Au même moment, le paradoxe du populisme se manifeste de manière éclatante à l’échelle internationale : ce sont justement les leaders portés au pouvoir par la même colère populaire qui mènent les politiques les plus contestables. Aux Etats-Unis, Donald Trump a nié avec force, pendant un long mois, la gravité de la crise. Voyant que son pays devenait l’un des plus durement touchés par le virus, il a fait brutalement machine arrière, tout en affirmant que les mesures de confinement seraient rapidement levées et que l’économie américaine serait repartie à Pâques, quand ses propres conseillers prévoient une lutte bien plus longue. Il a proposé tout de go d’isoler totalement l’Etat de New York du reste du pays avant de changer d’avis quelques heures plus tard. Devant l’évidence des faits et l’inquiétude de l’opinion, avec un mois de retard qui coûtera de nombreuses vies, il s’est résolu à adopter les mesures de bon sens prises dans la plupart des pays, au vrai mal appliquées en raison du fédéralisme états-unien. Il tient des conférences quotidiennes tissées d’autosatisfaction bravache, se félicitant de leur audience télévisuelle tel un producteur de reality-show et s’auto-congratule en prévoyant qu’un bilan final limité à quelque «100 000 morts» (sic) démontrera l’excellence de ses décisions. Peu importe le caractère notoirement foutraque de ses interventions : ses sondages sont bons, ce qui le conforte une nouvelle fois dans sa manière erratique et péremptoire.

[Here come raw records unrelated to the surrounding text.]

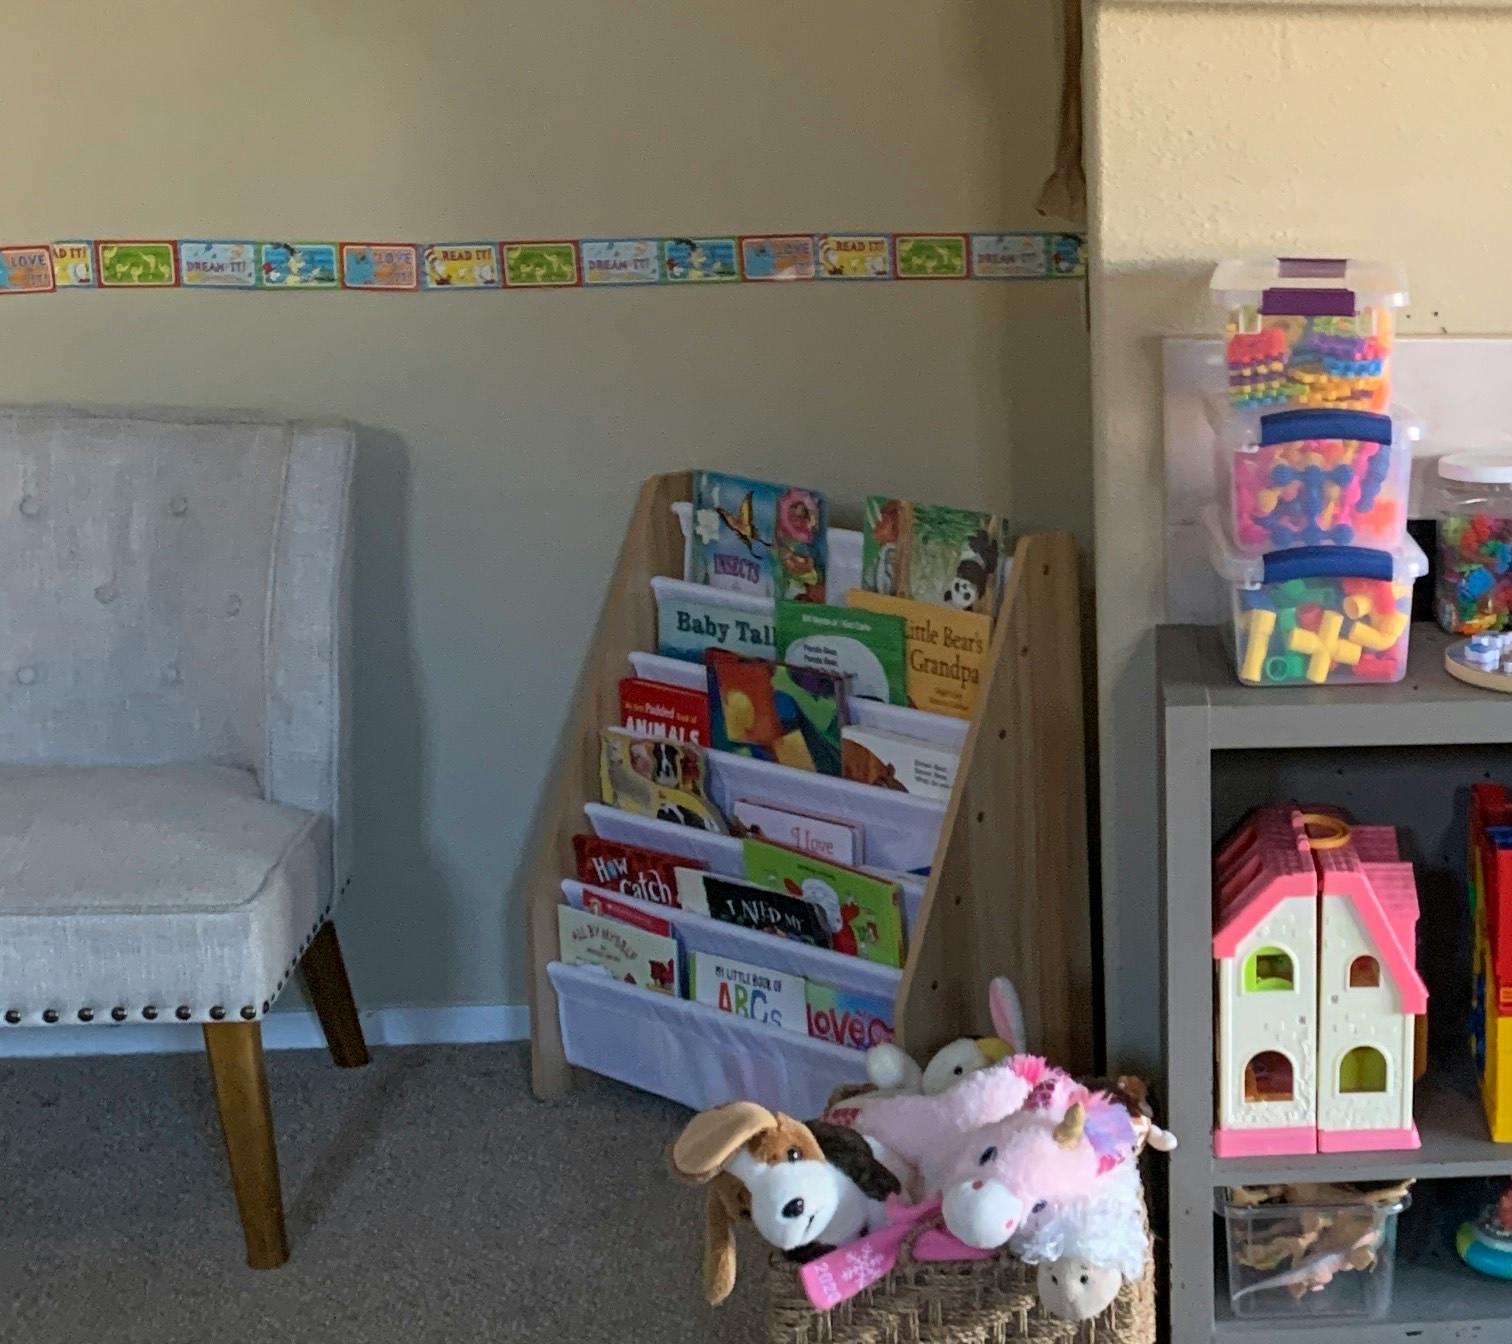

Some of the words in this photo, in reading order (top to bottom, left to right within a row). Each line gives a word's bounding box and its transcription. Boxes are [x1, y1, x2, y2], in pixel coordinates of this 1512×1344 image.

[441, 249, 472, 261] READ
[836, 241, 865, 252] READ
[187, 260, 224, 273] DREAM
[713, 553, 761, 585] INSECTS
[677, 610, 730, 644] Baby
[910, 649, 980, 690] Grandpa
[805, 829, 834, 855] love
[592, 855, 629, 883] How
[727, 969, 750, 985] LITTLE
[752, 973, 772, 992] BOOK

En Grande-Bretagne, l’homme du Brexit enfin réalisé, Boris Johnson, a lui aussi minimisé la crise et choisi une stratégie d’abstention, soutenant qu’il fallait laisser le virus se propager pour immuniser la population. Devant les menaces d’engorgement qui pesaient sur le système de santé britannique, devant le décompte macabre du nombre de décès, il a tourné casaque comme Trump, adoptant le confinement général imposé quelques semaines plus tôt dans le reste de l’Europe, tandis qu’il était lui-même contaminé par le virus.

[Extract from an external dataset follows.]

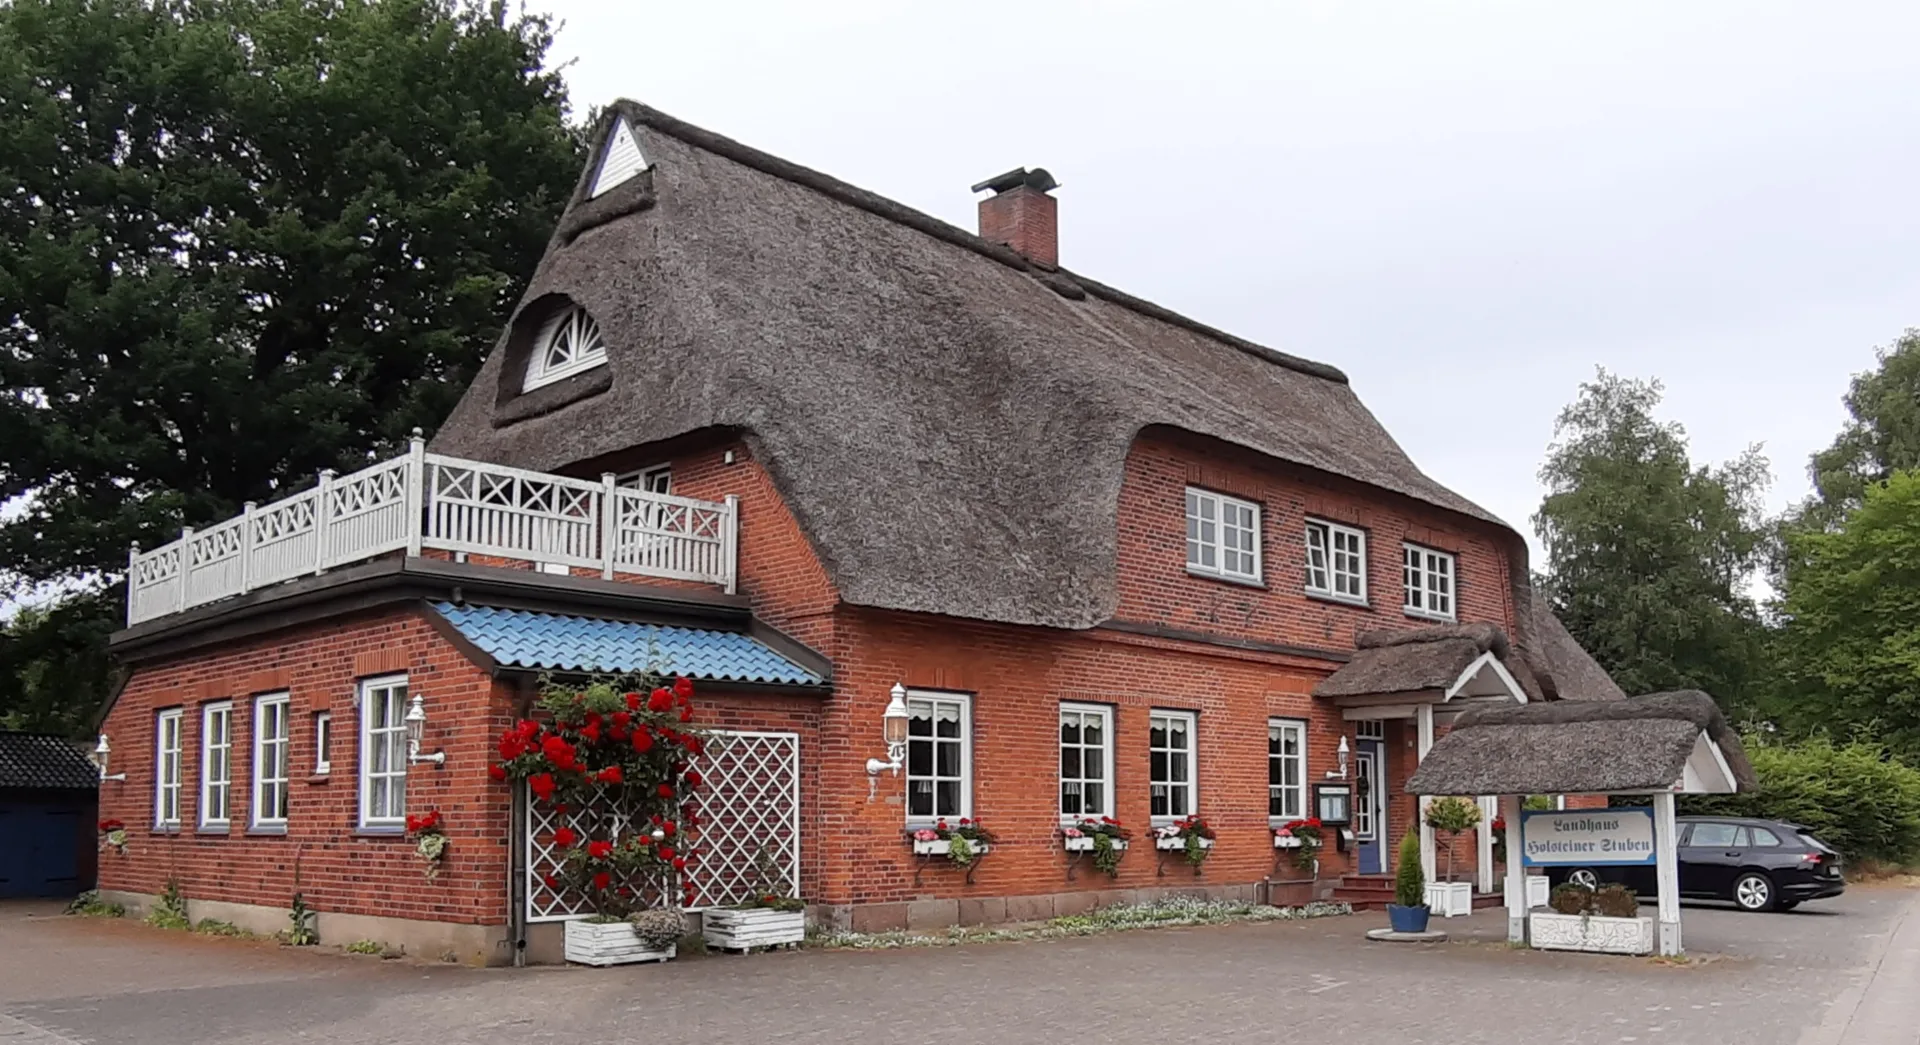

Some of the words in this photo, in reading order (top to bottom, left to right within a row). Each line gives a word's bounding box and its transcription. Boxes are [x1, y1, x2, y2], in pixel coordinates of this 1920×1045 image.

[1554, 818, 1620, 833] Landhaus
[1527, 840, 1595, 855] Holsteiner
[1600, 838, 1650, 852] Stuben

Au Brésil, Jair Bolsonaro continue quant à lui de nier la gravité de la pandémie et poursuit ses bains de foule sans protection, clamant qu’il n’est pas question d’handicaper l’économie de son pays par des mesures de précaution contraignantes. On espère qu’un miracle sauvera du fléau le peuple brésilien mais autour du Président, parmi les experts qui le conseillent, le doute s’installe progressivement.

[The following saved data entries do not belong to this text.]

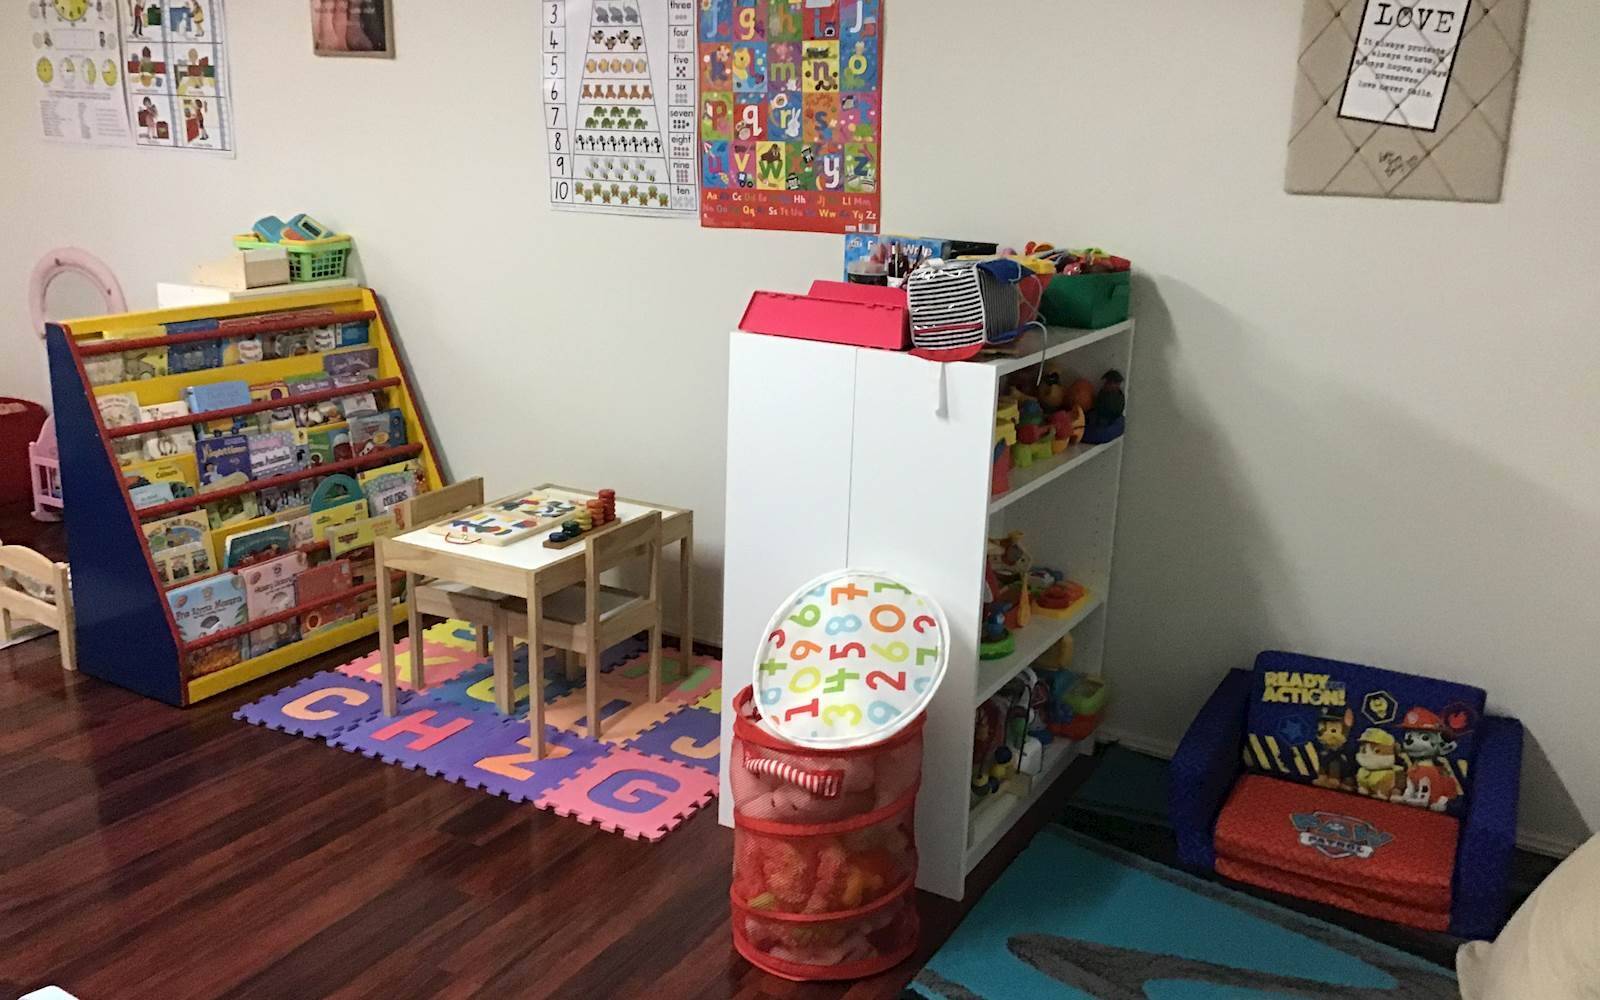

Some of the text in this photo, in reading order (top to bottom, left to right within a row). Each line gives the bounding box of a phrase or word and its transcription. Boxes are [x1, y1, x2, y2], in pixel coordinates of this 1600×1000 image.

[550, 4, 557, 24] 3
[670, 1, 692, 9] three
[739, 7, 755, 40] g
[1373, 3, 1455, 33] LOVE
[550, 30, 558, 49] 4
[673, 28, 689, 37] four
[550, 55, 558, 75] 5
[673, 56, 689, 64] five
[848, 54, 868, 75] o
[770, 62, 796, 82] m
[551, 82, 558, 100] 6
[551, 107, 559, 126] 7
[670, 110, 694, 118] seven
[742, 104, 762, 137] q
[779, 109, 792, 129] r
[555, 132, 561, 151] 8
[671, 135, 691, 145] eight
[556, 156, 564, 175] 9
[734, 153, 749, 172] v
[759, 160, 783, 179] w
[823, 155, 840, 188] y
[555, 181, 569, 200] 10
[676, 187, 690, 195] ten
[706, 192, 718, 200] Aa
[732, 192, 742, 201] Cc
[794, 195, 806, 204] Hh
[842, 195, 851, 205] Ll
[743, 205, 755, 217] Qq
[769, 207, 778, 216] Ss
[819, 209, 836, 218] Ww
[852, 209, 864, 221] Yy
[866, 210, 876, 219] Zz
[825, 614, 862, 636] 8
[829, 642, 866, 660] 5
[823, 668, 860, 694] 4
[866, 671, 906, 691] 2
[1264, 671, 1331, 689] READY
[281, 687, 371, 721] C
[785, 698, 819, 722] 1
[369, 709, 474, 751] H
[587, 768, 681, 813] G

En somme, le populisme dénonce les gouvernements qui essaient de lutter de manière à peu près rationnelle contre la pandémie, mais là où il est au pouvoir, il fait la démonstration des embardées chaotiques où l’entraînent ses instincts irrationnels. Rien d’étonnant au fond : théorisé par des intellectuels comme Chantal Mouffe, le populisme consiste, non pas à rechercher dans le débat contradictoire les meilleures solutions pour les peuples, mais à désigner, dans le sillage du juriste nazi Carl Schmitt, en vogue chez certains intellectuels radicaux, un ennemi commun à la société et à tracer entre lui et les autres une ligne de démarcation étanche qui structure la vie politique. Cet ennemi est incarné par «ceux d’en haut», leur savoir arrogant, leur supposée compétence, qu’ils soient élus ou médecins. Et quand cette élite honnie est remplacée au pouvoir par les représentants du peuple en colère, on continue à la dénoncer comme une entité maléfique et surplombante qui entrave encore et toujours la volonté populaire. Quand les affects envahissent la scène publique, les faits perdent leur importance, la logique s’efface et les discours les plus contradictoires l’emportent dès lors qu’ils stigmatisent, par tous moyens, sous les applaudissements du peuple en colère, l’ennemi imaginaire.